Auf der Polizeistation "17. Februar" - benannt nach dem Tag, an dem die Revolution gegen Gaddafi begann - öffnet Staatsanwalt Mohammal al-Jaroushi die Tür zu einem Arsenal. Zum Vorschein kommen russische Bazookas, panzerbrechende Waffen aller Art. Die hätten sie jungen schwarzen Männern abgenommen, die man vor zwei Tagen am Flughafen von Bengasi aufgegriffen habe, in teuren Limousinen ohne Nummernschilder. Dann schließt er die Tür wieder und geht zu seinem gegenüberliegenden Büro. Mit seiner Brille, dem kurzen, gepflegten Vollbart, der Hose mit der Bügelfalte sieht er wie ein ganz normaler Jurist aus, nur dass er am Gürtel einen Halfter mit Pistole trägt. Er kramt in Kisten und Schatullen und wirft Dutzende von Ausweisen auf den Schreibtisch: "République du Tchad" steht darauf. Andere weisen die Inhaber als Libyer aus. "Alles von Gaddafis Geheimdienst gefälscht", sagt al-Jaroushi. "Wir haben die Angaben bei den zuständigen Kreisämtern überprüft, die Leute sind dort nicht gemeldet."
Im Nebenraum stehen acht Schwarzafrikaner mit dem Gesicht zur Wand. "Umdrehen", schnauzt der Staatsanwalt. Die Augen der Männer sind angsterfüllt. Ein neunter wird von einem Soldaten der Aufständischen hereingeführt, der eine zerknülltes, eingeschweißtes Stück Papier in der Hand hält. "Das wollte der Typ gerade auf der Toilette vernichten." Die Karte weist den Inhaber als Mitglied von Gaddafis Revolutionsmiliz aus. "Woher kommst du", herrscht Jaroushi den Jungen an. "Ich gehöre zu den Tuareg und bin aus Südlibyen." "Woher hast du den Ausweis? - Schweigen. "Wie kommst du zu dem teuren Auto, in dem wir dich gefunden haben?" - "Durch einen Mann, der mich als Taxifahrer anheuern wollte." "Wieso waren die Waffen darin?" - "Keine Ahnung."
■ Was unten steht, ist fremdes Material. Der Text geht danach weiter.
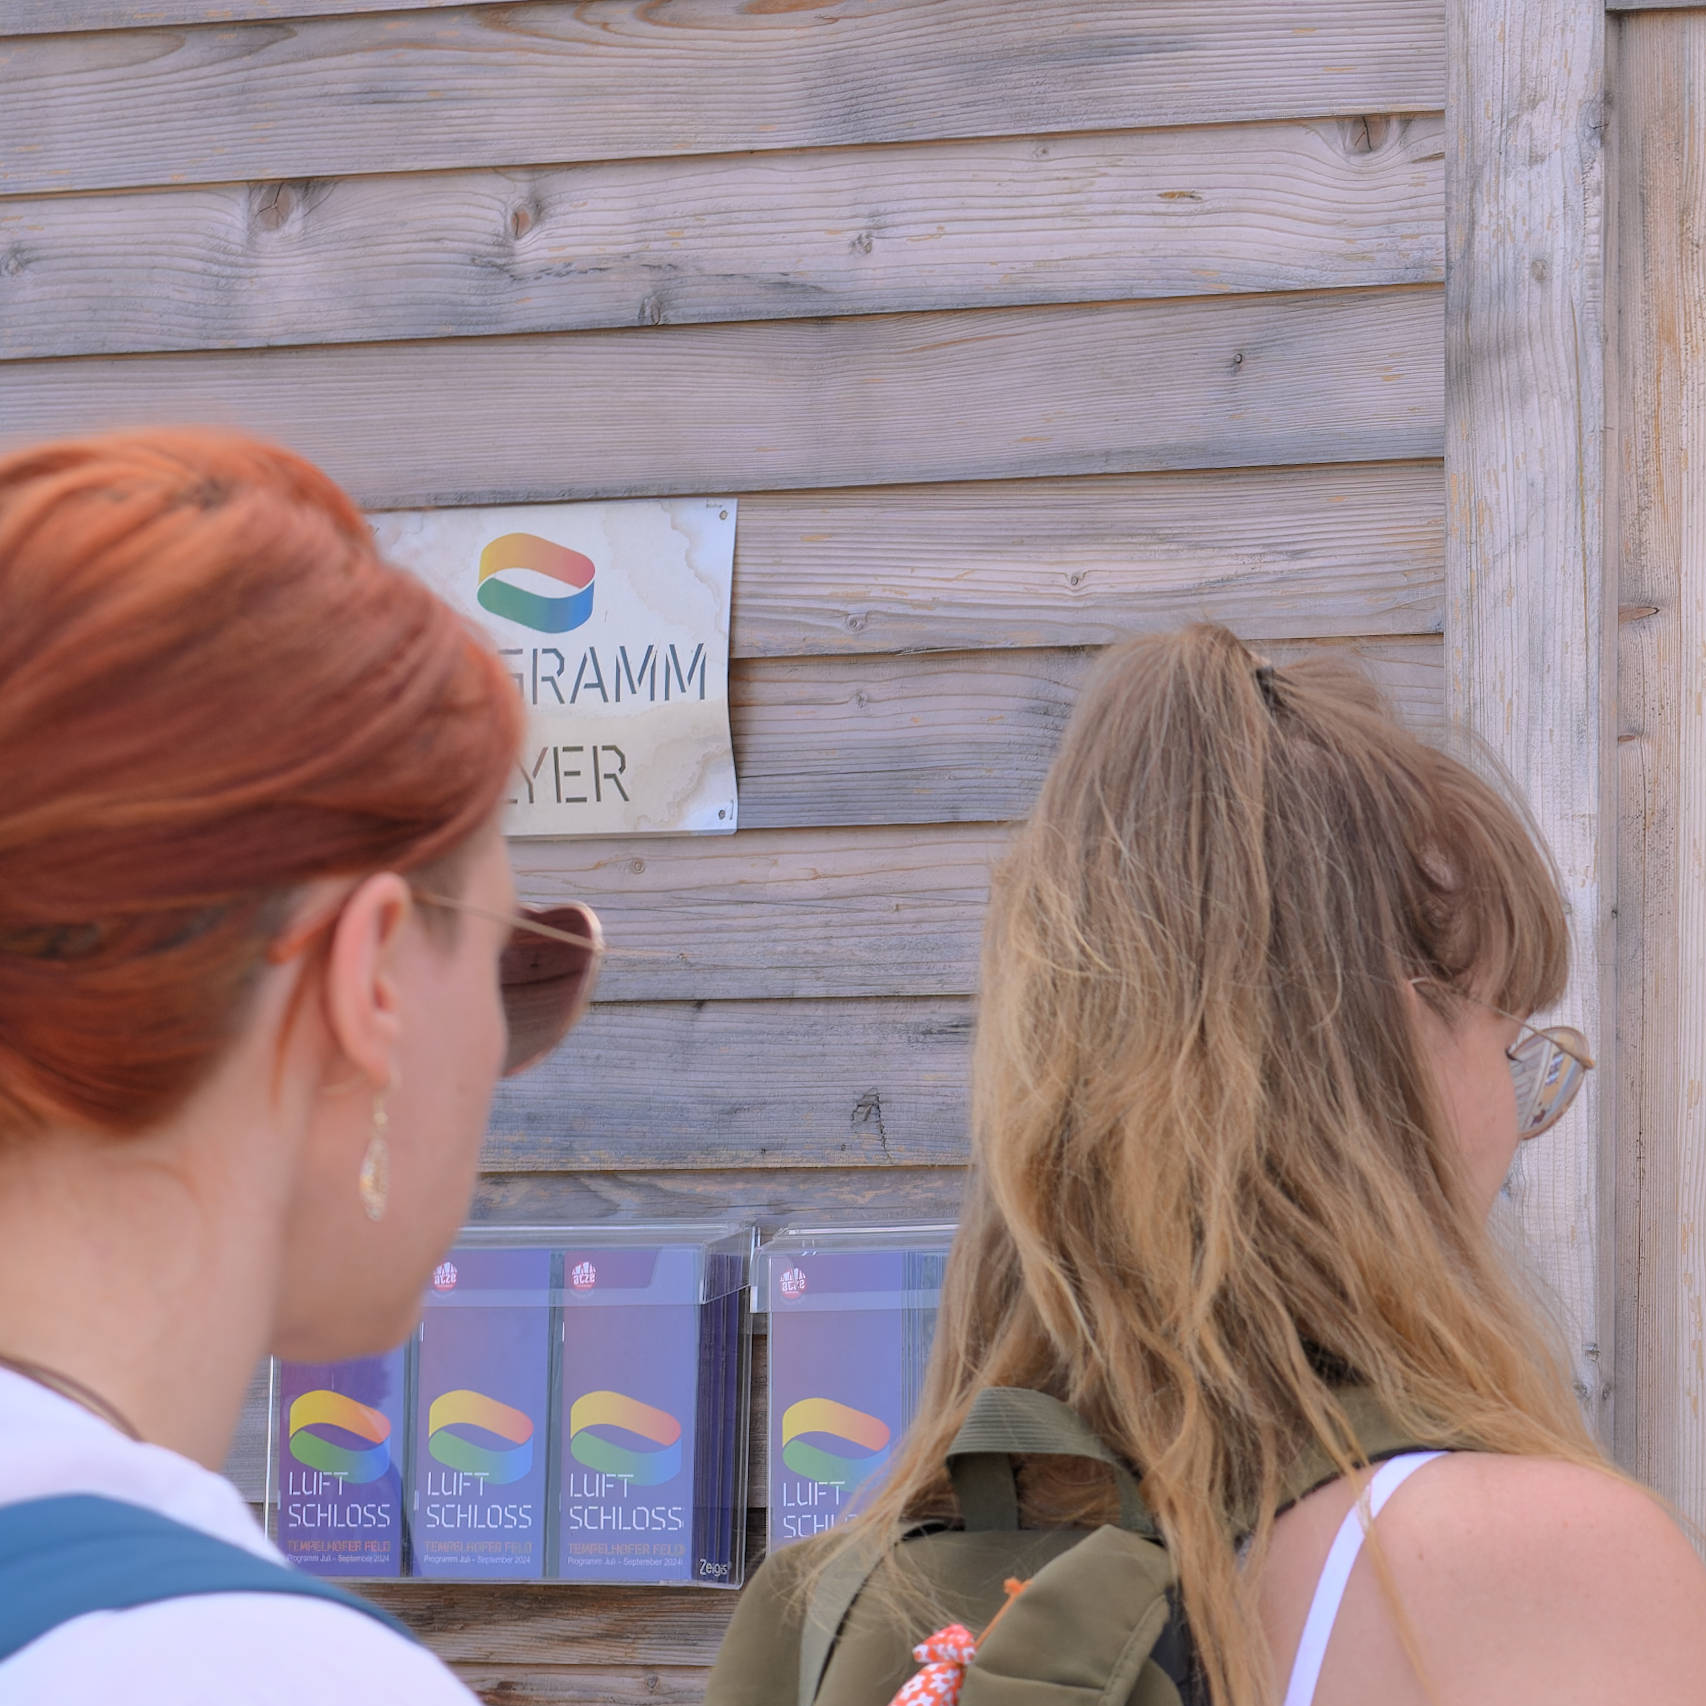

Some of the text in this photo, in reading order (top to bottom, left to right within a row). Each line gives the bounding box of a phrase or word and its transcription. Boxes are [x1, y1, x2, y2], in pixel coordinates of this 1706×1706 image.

[505, 745, 630, 804] YER
[288, 1471, 349, 1496] LUFT
[427, 1471, 489, 1496] LUFT
[569, 1473, 634, 1497] LUFT
[784, 1481, 845, 1507] LUFT
[288, 1503, 391, 1528] SCHLOSS
[426, 1503, 532, 1529] SCHLOSS
[569, 1506, 683, 1531] SCHLOSS
Jaroushi stellt den anderen acht dieselben Fragen und erhält die gleichen Antworten: Südlibyer auf Arbeitssuche in den Norden gekommen. Männer stellen Taxis zur Verfügung, Autos ohne Kennzeichen. Wie die Waffen reinkommen - ein Rätsel. "Lügner!", brüllt Jaroushi dann. "Du bist kein Libyer, du sprichst nicht mal libysches Arabisch, was ist das für ein Kauderwelsch!" Draußen warten noch Dutzende auf ihr Verhör. Nach zwanzig Minuten wird die Szenerie immer schwerer erträglich, die einen sind ausgeliefert, stottern und rechtfertigen sich, der andere brüllt und kostet seine Macht aus.
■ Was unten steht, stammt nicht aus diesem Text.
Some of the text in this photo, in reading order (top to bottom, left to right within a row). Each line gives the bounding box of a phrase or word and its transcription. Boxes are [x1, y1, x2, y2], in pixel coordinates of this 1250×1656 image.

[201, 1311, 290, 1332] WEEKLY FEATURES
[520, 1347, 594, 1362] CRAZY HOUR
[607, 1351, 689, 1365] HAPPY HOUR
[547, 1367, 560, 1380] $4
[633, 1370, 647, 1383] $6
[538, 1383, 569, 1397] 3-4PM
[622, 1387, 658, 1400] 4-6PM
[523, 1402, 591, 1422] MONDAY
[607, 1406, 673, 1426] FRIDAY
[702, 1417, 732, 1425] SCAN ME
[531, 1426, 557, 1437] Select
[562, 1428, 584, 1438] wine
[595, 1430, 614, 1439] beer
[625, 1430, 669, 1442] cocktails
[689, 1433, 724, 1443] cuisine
Nach einer halben Stunde willigt Jaroushi ein, Schluss zu machen, und geht in sein Büro zurück. Mitleid sei fehl am Platz, beteuert er, während er sich den Schweiß von der Stirn tupft,. "Gestern ist eine Kolonne von Schwarzafrikanern auf Bengasi zugefahren, in zivilen Pkws, damit die Nato-Flugzeuge sie nicht bemerken. Die sollten die Stadt zurückerobern."